Garrett Nussmeier, gunslinger.
It’s a reputation the LSU quarterback simultaneously has embraced, at least to a certain degree, and would rather shed than perpetuate.
In his abbreviated debut running the Tigers’ offense 2021 and perhaps
even before, slinging the ball back home in Texas, where his well-known
father Doug Nussmeier coaches Dallas Cowboys quarterbacks.
The younger Nussmeier became known as someone all too frequently
looking to make the big play, make something, anything happen.
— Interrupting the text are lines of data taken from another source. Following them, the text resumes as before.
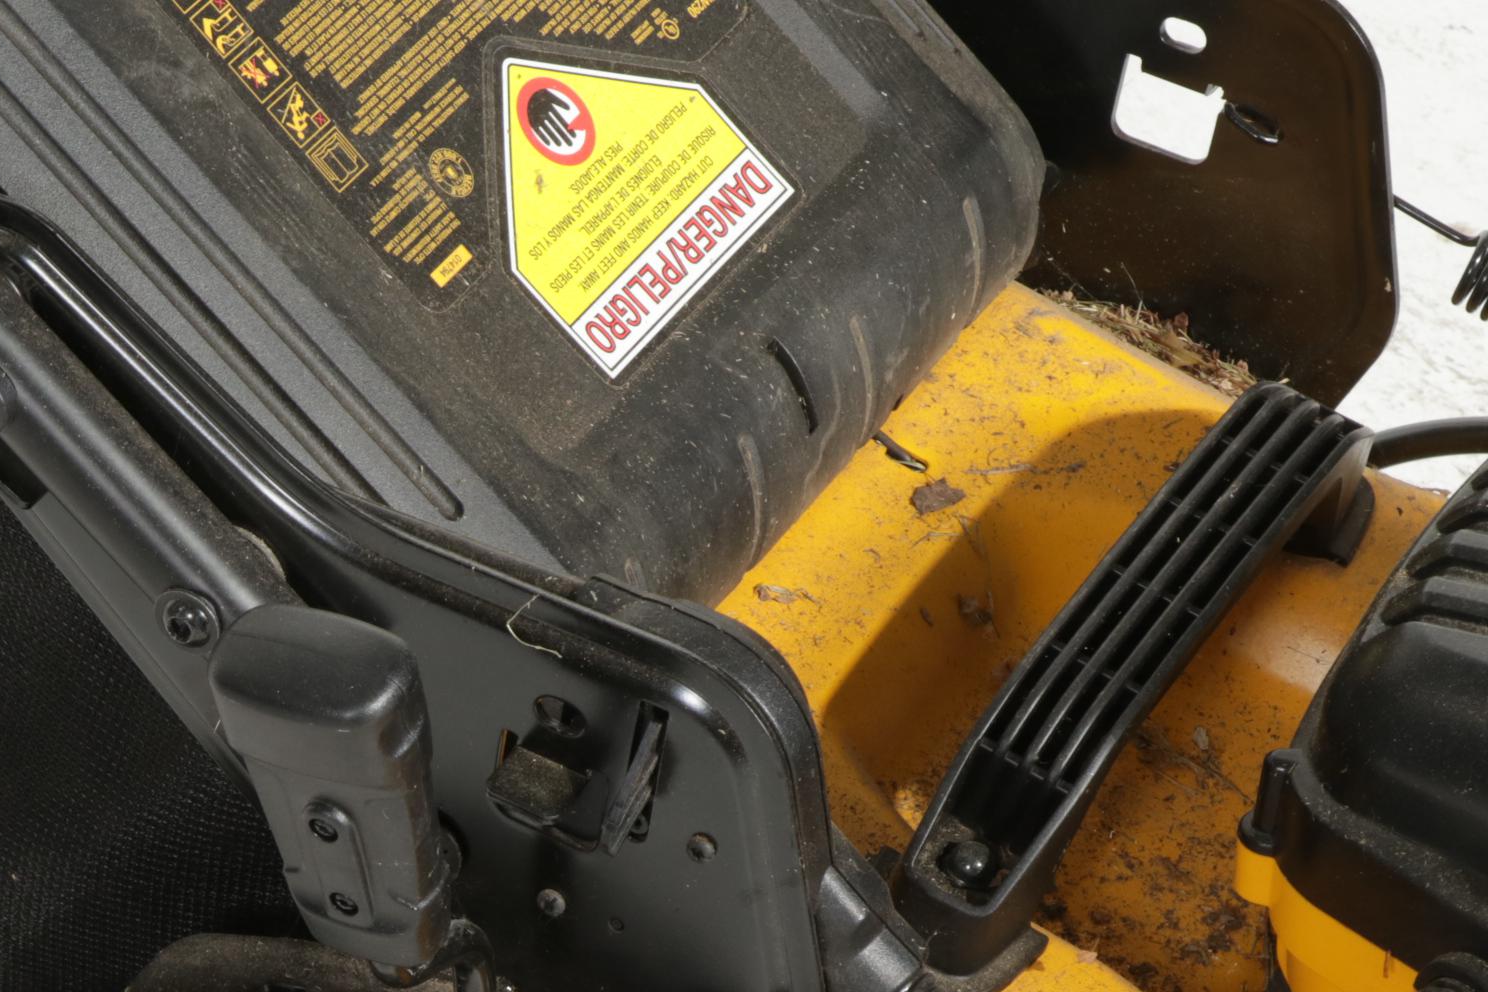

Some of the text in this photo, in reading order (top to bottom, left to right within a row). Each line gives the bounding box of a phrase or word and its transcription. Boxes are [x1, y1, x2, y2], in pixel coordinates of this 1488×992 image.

[655, 100, 687, 135] PELIGRO
[644, 128, 659, 144] DE
[686, 123, 716, 154] RISQUE
[603, 139, 623, 162] PIES
[676, 148, 691, 165] DE
[695, 153, 714, 174] CUT
[584, 162, 625, 205] MANTENGA
[615, 185, 630, 201] DE
[571, 198, 589, 218] LAS
[624, 191, 649, 217] TENIR
[649, 196, 671, 221] KEEP
[547, 211, 576, 242] MANOS
[611, 210, 629, 230] LES
[625, 214, 654, 244] HANDS
[541, 236, 552, 247] Y
[589, 224, 616, 252] MAINS
[611, 236, 631, 258] AND
[527, 240, 546, 261] LOS
[580, 245, 595, 261] ET
[582, 158, 773, 357] DANGER/PELIGRO
[567, 254, 586, 274] LES
[595, 251, 616, 274] FEET
[548, 267, 573, 293] PIEDS
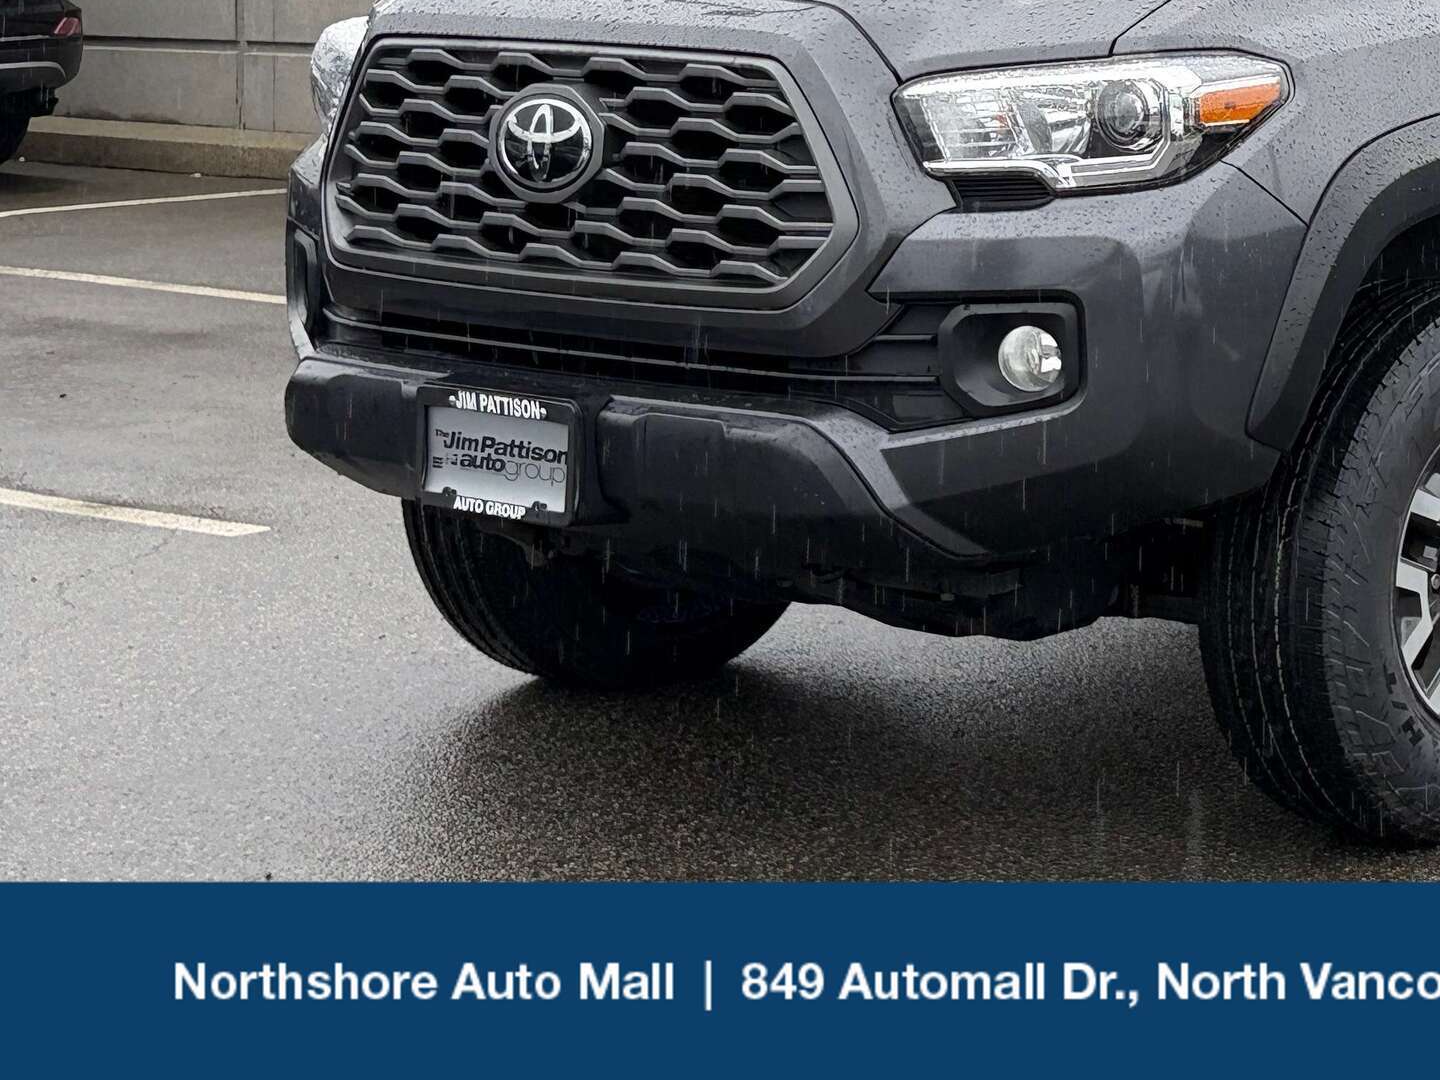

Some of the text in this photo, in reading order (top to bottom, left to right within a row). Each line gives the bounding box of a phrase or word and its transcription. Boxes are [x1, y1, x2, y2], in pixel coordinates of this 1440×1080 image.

Not anymore, not as LSU prepares for its 2022 season under a new head coach – former Notre Dame coach Brian Kelly – and not as Nussmeier, perceived by some as the underdog, vies to wrestle away the starting job in a crowded field of contenders.
“I think I learned a lot from last year, especially being a true freshman, getting to play in some real SEC time,” said Nussmeier, who appeared in four games and then, to preserve his redshirt, somewhat controversially opted to not play in LSU’s Texas Bowl loss to Kansas State in Houston.
“I think for me personally the big thing was just being more of a manager of an offense, you know. For some reason, I got this, like, ‘gunslinger’ (tag) that everybody says. But I’m trying to just block that out.
“Yeah, I can take some shots and make some different throws with my
arm. That’s gonna happen in a game,” Nussmeier added. “But I can’t look to do that every play. So that’s kind of what I’ve learned: Just manage the offense. Move the sticks.”
‘HE’S GONNA LEAD LSU … TO NATIONAL CHAMPIONSHIPS HOPEFULLY’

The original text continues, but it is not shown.